#### WHAT YOU NEED TO DO:
Images in the data are to be skipped, while every line is restated exactly as written.

#### PROVIDED MATERIAL:
#####

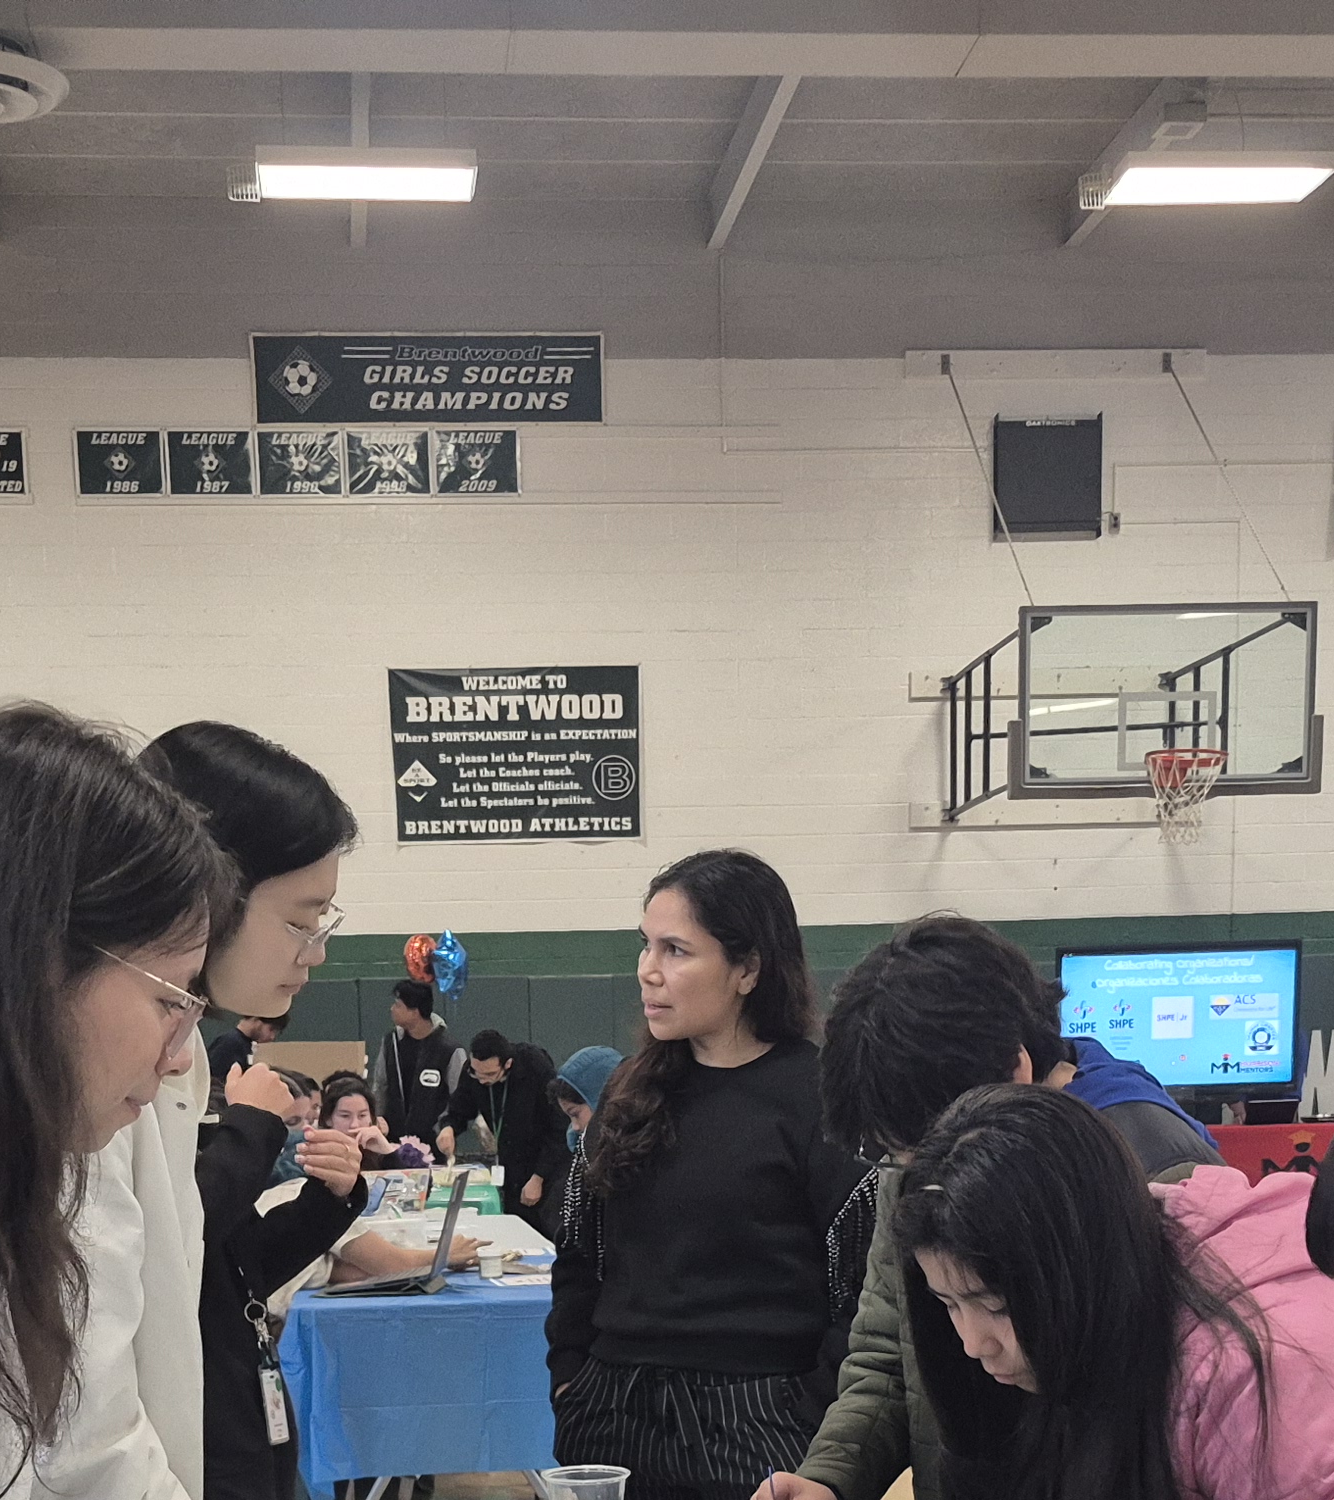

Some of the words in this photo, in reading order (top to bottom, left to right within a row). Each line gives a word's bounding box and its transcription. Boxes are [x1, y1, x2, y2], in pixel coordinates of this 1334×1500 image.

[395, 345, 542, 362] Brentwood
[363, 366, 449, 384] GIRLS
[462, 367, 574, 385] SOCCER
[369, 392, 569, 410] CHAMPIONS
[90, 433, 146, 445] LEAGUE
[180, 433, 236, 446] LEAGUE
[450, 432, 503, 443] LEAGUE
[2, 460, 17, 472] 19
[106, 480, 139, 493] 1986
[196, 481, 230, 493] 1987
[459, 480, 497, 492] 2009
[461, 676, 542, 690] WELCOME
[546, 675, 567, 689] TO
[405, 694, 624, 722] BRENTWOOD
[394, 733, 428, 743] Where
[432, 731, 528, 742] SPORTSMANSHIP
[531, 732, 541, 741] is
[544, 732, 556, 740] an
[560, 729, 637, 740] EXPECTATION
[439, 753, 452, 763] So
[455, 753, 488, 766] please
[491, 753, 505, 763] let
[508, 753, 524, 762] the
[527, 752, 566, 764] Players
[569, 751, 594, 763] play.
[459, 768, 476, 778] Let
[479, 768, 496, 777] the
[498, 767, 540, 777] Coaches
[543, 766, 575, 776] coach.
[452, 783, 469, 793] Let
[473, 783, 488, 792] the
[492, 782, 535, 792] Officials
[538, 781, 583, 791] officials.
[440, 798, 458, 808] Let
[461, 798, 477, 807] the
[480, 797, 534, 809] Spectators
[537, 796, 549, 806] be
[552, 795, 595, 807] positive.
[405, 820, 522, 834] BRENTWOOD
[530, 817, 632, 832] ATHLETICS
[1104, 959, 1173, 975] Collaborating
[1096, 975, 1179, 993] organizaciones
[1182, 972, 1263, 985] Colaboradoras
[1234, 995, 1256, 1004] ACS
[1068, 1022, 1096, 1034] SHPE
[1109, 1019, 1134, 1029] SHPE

#####

#### PROBLEM SOLUTION:
Some of the words in this photo, in reading order (top to bottom, left to right within a row). Each line gives a word's bounding box and its transcription. Boxes are [x1, y1, x2, y2], in pixel coordinates of this 1334×1500 image.

[395, 345, 542, 362] Brentwood
[363, 366, 449, 384] GIRLS
[462, 367, 574, 385] SOCCER
[369, 392, 569, 410] CHAMPIONS
[90, 433, 146, 445] LEAGUE
[180, 433, 236, 446] LEAGUE
[450, 432, 503, 443] LEAGUE
[2, 460, 17, 472] 19
[106, 480, 139, 493] 1986
[196, 481, 230, 493] 1987
[459, 480, 497, 492] 2009
[461, 676, 542, 690] WELCOME
[546, 675, 567, 689] TO
[405, 694, 624, 722] BRENTWOOD
[394, 733, 428, 743] Where
[432, 731, 528, 742] SPORTSMANSHIP
[531, 732, 541, 741] is
[544, 732, 556, 740] an
[560, 729, 637, 740] EXPECTATION
[439, 753, 452, 763] So
[455, 753, 488, 766] please
[491, 753, 505, 763] let
[508, 753, 524, 762] the
[527, 752, 566, 764] Players
[569, 751, 594, 763] play.
[459, 768, 476, 778] Let
[479, 768, 496, 777] the
[498, 767, 540, 777] Coaches
[543, 766, 575, 776] coach.
[452, 783, 469, 793] Let
[473, 783, 488, 792] the
[492, 782, 535, 792] Officials
[538, 781, 583, 791] officials.
[440, 798, 458, 808] Let
[461, 798, 477, 807] the
[480, 797, 534, 809] Spectators
[537, 796, 549, 806] be
[552, 795, 595, 807] positive.
[405, 820, 522, 834] BRENTWOOD
[530, 817, 632, 832] ATHLETICS
[1104, 959, 1173, 975] Collaborating
[1096, 975, 1179, 993] organizaciones
[1182, 972, 1263, 985] Colaboradoras
[1234, 995, 1256, 1004] ACS
[1068, 1022, 1096, 1034] SHPE
[1109, 1019, 1134, 1029] SHPE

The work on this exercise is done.